Investors can mix any number of qualitative and quantitative factors when it comes to building out their own custom strategies.

The Bottom Line

Investors who are interested in gaining exposure to mid-cap companies can utilize a host of different types of strategies. Those investors who want to take a passive approach and capture returns that closely match an underlying benchmark such as the S&P 400 may be interested in adding a position in a blended mid-cap ETF.

Other investors may be interested in identifying candidates that exhibit certain value or growth characteristics. More specifically, those that are drawn to the common value and growth strategies may be interested in one of the many available strategy-specific funds targeted at the mid-cap segment.

Lastly, more adventurous investors may want to consider building out their own strategies by identifying qualitative or quantitative factors that resonate and then combining them in a way that meets their investment goals.
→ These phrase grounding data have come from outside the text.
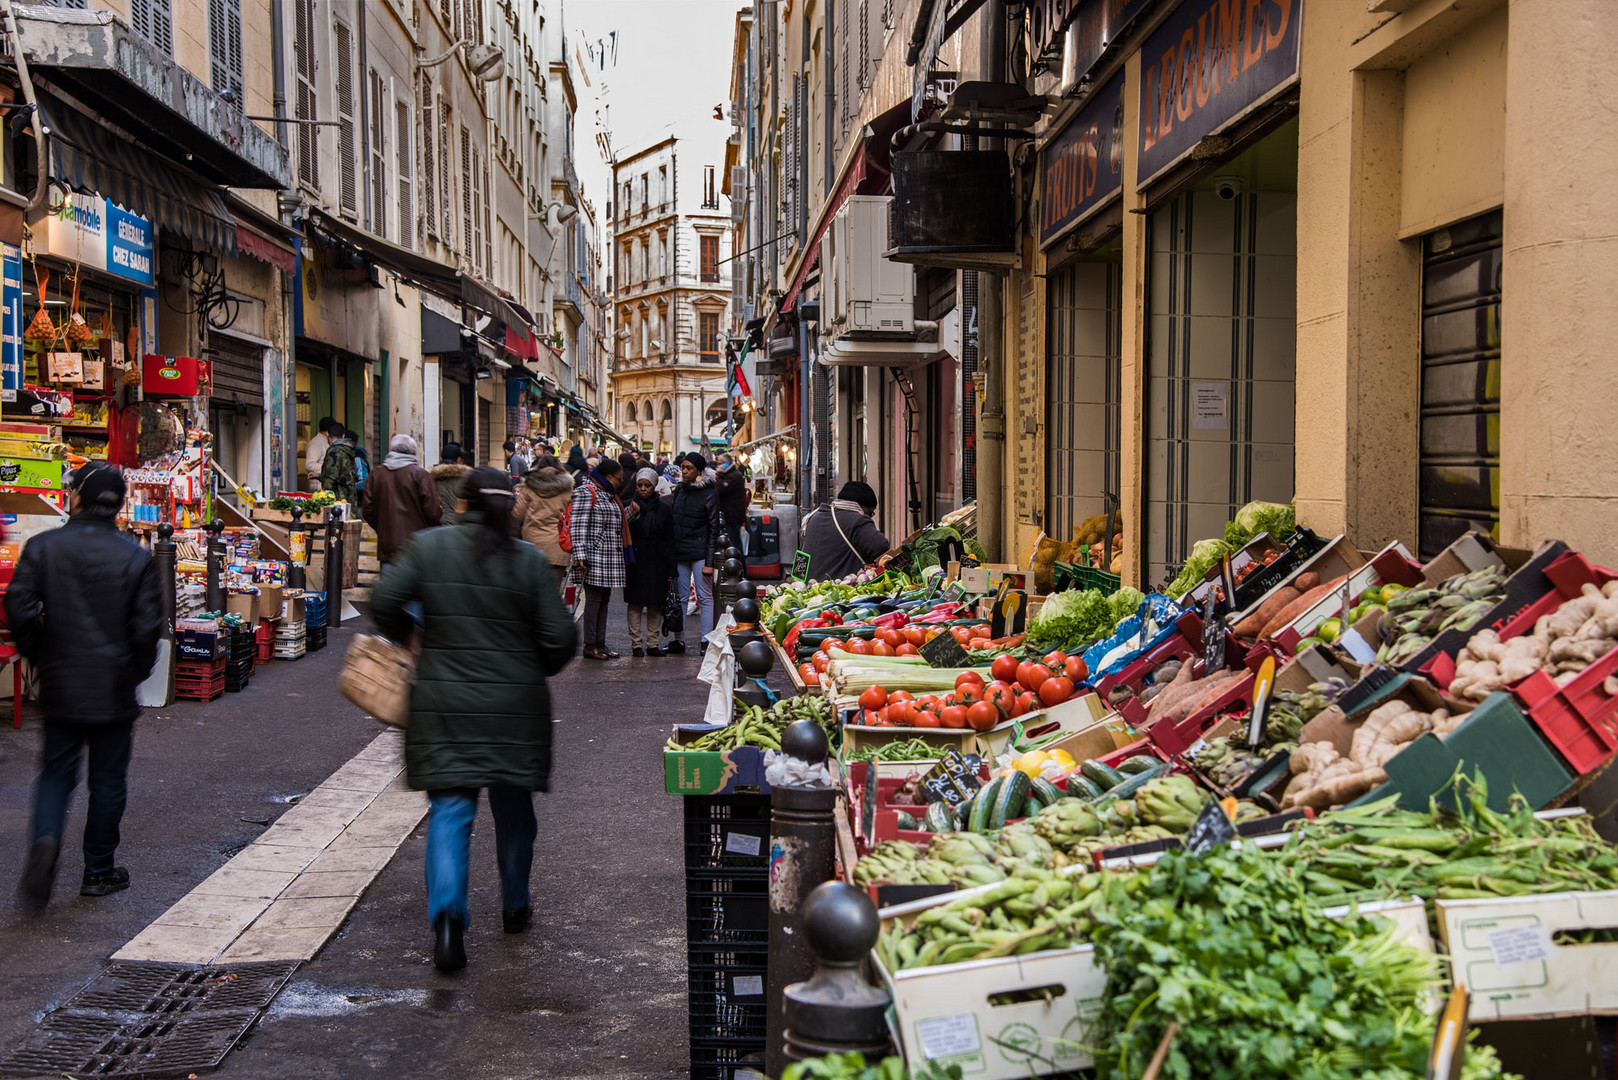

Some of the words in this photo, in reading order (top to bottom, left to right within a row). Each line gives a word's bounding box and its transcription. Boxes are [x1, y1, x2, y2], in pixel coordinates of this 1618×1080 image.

[1143, 0, 1292, 152] LEGUMES
[1043, 122, 1099, 232] FRUITS
[112, 245, 129, 267] CHEZ
[129, 251, 150, 274] SARAH
[118, 217, 145, 247] GÉNÉRALE
What metrics can be used to identify value stocks?

Value investing is a strategy for identifying undervalued stocks based on fundamental analysis. Some common metrics used by value investors include price-to-earnings ratio (P/E), price-to-book ratio (P/B), debt-to-equity ratio (D/E), free cash flow (FCF), price/earnings-to-growth ratio (PEG).
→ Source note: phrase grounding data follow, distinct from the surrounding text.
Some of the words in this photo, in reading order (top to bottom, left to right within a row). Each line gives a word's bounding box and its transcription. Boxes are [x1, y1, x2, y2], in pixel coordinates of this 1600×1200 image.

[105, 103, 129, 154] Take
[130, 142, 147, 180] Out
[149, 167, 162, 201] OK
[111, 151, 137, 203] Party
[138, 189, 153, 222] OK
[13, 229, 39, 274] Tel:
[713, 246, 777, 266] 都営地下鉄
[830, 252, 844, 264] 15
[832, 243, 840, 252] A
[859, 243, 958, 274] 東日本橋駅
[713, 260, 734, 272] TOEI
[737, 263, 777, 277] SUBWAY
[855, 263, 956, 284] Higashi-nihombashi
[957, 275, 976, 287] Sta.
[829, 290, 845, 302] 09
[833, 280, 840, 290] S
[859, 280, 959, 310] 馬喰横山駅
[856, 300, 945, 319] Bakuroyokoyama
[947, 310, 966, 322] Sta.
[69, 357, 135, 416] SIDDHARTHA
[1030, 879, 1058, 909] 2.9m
Are ETFs risky to use as part of an investment strategy?

All investment strategies carry a certain element of risk. ETFs, like mutual funds, are often lauded for the diversification that they offer investors. However, it is important to note that just because an ETF contains more than one underlying position doesn’t mean that it is immune to risk and volatility. The potential for large swings will mainly depend on the scope of the fund. As investors, it is important to know what benchmark an ETF is designed to track, what types of companies are held within the fund, and whether the ETF lacks liquidity or utilizes leverage.

What is an example of a growth stock?

As a hypothetical example, a growth stock could be a mid-cap tech company that has recently started a new division to focus on the development of a new virtual reality app. Let’s assume that the company has aspirations of expanding into international markets. Currently, the product is only in available in the United States and has been adding new users at blinding speed. Earnings and revenue have been growing at a high rate over the past couple of years. If the app is well received in the new markets, then it could mean huge profits and capital gains for investors.